I actually think you have something there. For example, I received a concussion as an adolescent that causes me migraines when exposed to sunlight. Getting down to the culprit is the right attitude... Though the cost of an MRI could be a pain.
Key is a valid excuse to get insurance to pay for it. Anyway, the struggle will be to get a type that insurance will pay for that is also useful for its actual purpose. Is it fMRI or some other kind?

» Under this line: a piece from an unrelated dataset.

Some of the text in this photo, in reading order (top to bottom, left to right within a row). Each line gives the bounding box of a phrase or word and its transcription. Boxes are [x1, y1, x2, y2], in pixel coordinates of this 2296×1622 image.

There's a study from PubMed I got off my uni's database. Wish I could link it, but here's the abstract:
Disorder and Nonverbal Learning Disabilities
Margaret Semrud-Clikeman, PhD1, and Jodene Fine, PhD1
Abstract
The main purpose of this study was to report the existence of previously unidentified brain cysts or lesions in children with nonverbal learning disabilities, Asperger syndrome, or controls. The authors compared the incidence of cysts or lesions on magnetic resonance images (MRIs) in 28 children with nonverbal learning disability, 26 children with Asperger syndrome, and 24 typical controls for abnormalities. In this study, the authors found 25% of children previously diagnosed with nonverbal learning disability to have unsuspected brain abnormalities generally including cysts or lesions in the occipital region, compared with approximately 4% in the Asperger syndrome or control group. The cysts/lesions were found mainly in the occipital lobe, an area responsible for visual/spatial reasoning. It is appropriate to speculate that there might be a connection between anomalous brain development and skill differences among these groups.

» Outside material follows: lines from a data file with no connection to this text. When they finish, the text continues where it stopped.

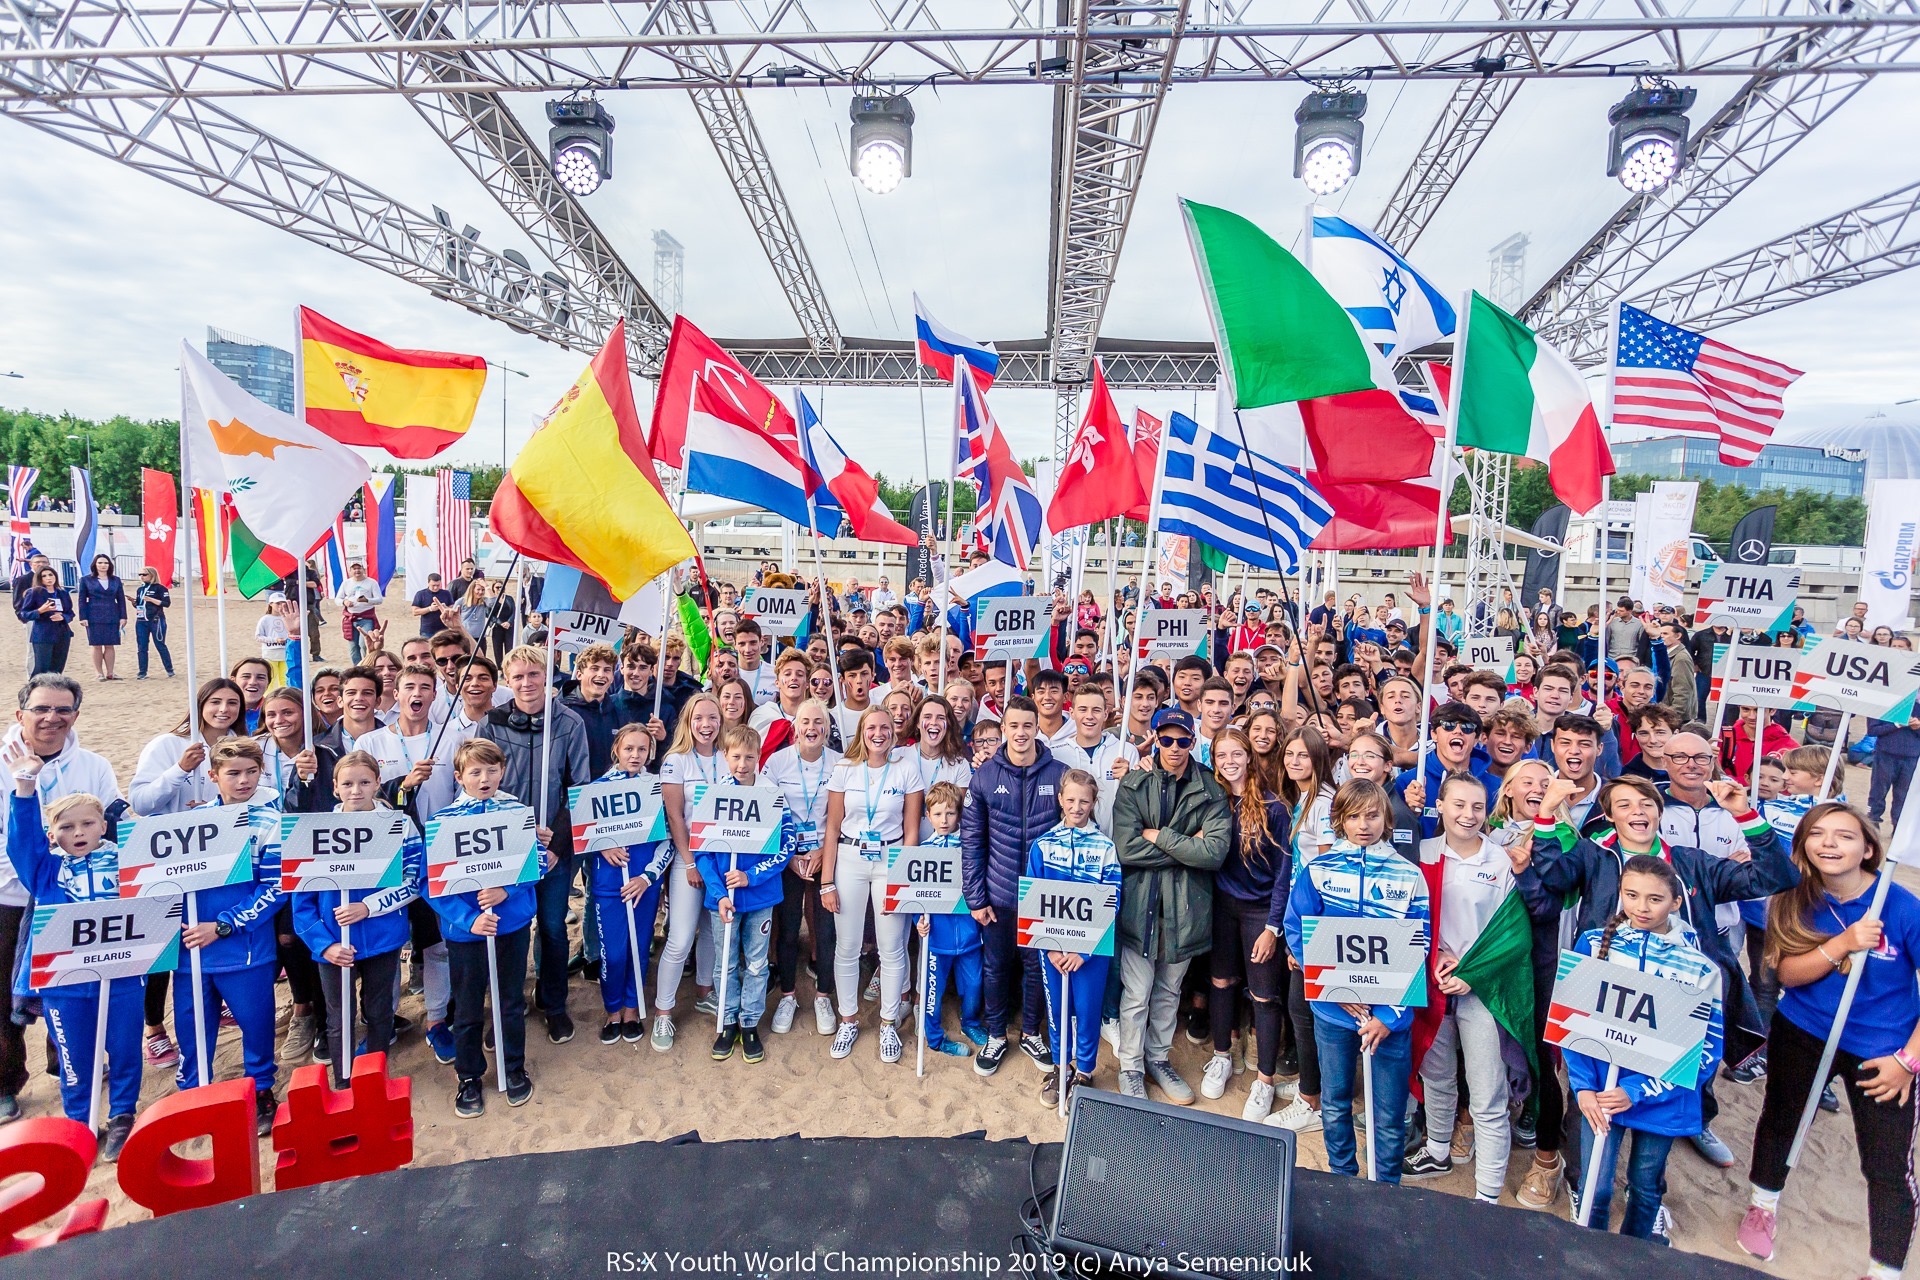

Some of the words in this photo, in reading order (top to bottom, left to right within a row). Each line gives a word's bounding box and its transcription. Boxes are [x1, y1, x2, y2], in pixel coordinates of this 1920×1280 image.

[918, 524, 929, 582] ercedes-Benz
[1894, 522, 1916, 571] GAZPROM
[1724, 575, 1774, 602] THA
[756, 596, 797, 615] OMA
[1727, 605, 1762, 615] THAILAND
[572, 613, 610, 636] JPN
[994, 608, 1036, 631] GBR
[1157, 619, 1188, 637] PHI
[993, 638, 1012, 647] GREAT
[1012, 637, 1034, 646] BRITAIN
[1471, 646, 1500, 663] POL
[1737, 657, 1792, 682] TUR
[1825, 651, 1890, 687] USA
[1751, 686, 1781, 695] TURKEY
[1841, 687, 1858, 698] USA
[591, 791, 642, 820] NED
[713, 797, 762, 823] FRA
[595, 820, 644, 835] NETHERLANDS
[722, 828, 751, 838] FRANCE
[150, 823, 219, 859] CYP
[312, 827, 374, 856] ESP
[454, 825, 508, 858] EST
[165, 861, 208, 877] CYPRUS
[329, 863, 356, 873] SPAIN
[465, 860, 503, 874] ESTONIA
[907, 859, 953, 884] GRE
[915, 890, 942, 899] GREECE
[1039, 893, 1094, 922] HKG
[71, 914, 146, 948] BEL
[1045, 926, 1065, 937] HONG
[1066, 928, 1086, 939] KONG
[83, 950, 132, 965] BELARUS
[1336, 934, 1390, 965] ISR
[1348, 975, 1380, 985] ISRAEL
[1595, 980, 1658, 1030] ITA
[1604, 1027, 1638, 1046] ITALY

Another one, which is just a case study:
Steven Paul Woods1, Michael Weinborn2, J.D. Ball1, Stephanie Tiller-Nevin1, and Treven C. Pickett
The Virginia Consortium Program in Clinical Psychology, and Eastern Virginia Medical School, Norfolk, VA 23507, USA
ABSTRACT
This paper discusses the implications of Periventricular Leukomalacia (PVL) lesions for the development of Nonverbal Learning Disabilities (NLD) as illustrated through an identical twin case study. PVL lesions were identi®ed in an 8-year-old child, but were not detected in his identical twin brother who served as a matched comparison. While the nonclinical twin displayed a largely unremarkable neuropsychological pro®le, the clinical twin evidenced a distinct pattern of social, intellectual, academic, and neuropsychological test results
often identi®ed among children with PVL and those with the NLD syndrome. The clinical and theoretical implications for this case study are discussed.

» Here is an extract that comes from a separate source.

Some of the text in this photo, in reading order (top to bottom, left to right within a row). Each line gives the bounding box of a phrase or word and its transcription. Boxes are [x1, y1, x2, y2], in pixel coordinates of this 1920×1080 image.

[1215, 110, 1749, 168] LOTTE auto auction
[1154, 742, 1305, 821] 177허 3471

I have worse NLD than the kid with lesions. Much, much worse, in fact. My VIQ is higher, but my PIQ is 17 points lower.
I it is very unlikely you will be able to get insurance to pay for it. In order to get an MRI, you may have to go to one of those private clinics where you pay out of pocket. Why? Because doctors must order tests within the parameters of medical billing codes. They won't order a test unless it is justified under the diagnosis that they give you. They may even be curious themselves about what the results of a particular test would be, but even they can't order tests based on their curiosity, let alone based on your curiosity.
If you present with migraines, they are obliged to start testing and treatment based on it actually being migraines. Ruling out brain tumors is something they do only if they have a clinical suspicion. Even if you google why doctors might suspect your headaches are caused by a tumor (and I suppose you already have) if what you have doesn't present as tumor symptoms, there is no justification for ruling out a tumor. For one thing, the headaches of a brain tumor are usually caused by intracranial pressure,, which is different from what causes the headaches of a migraine (dilated blood vessels and chemicals released). So if you are already under treatment for migraines, there isn't much reason for clinical suspicion. Which is not to say that a person with a migraine couldn't also get a brain tumor, but there needs to be clinical suspicion on the part of the doctor.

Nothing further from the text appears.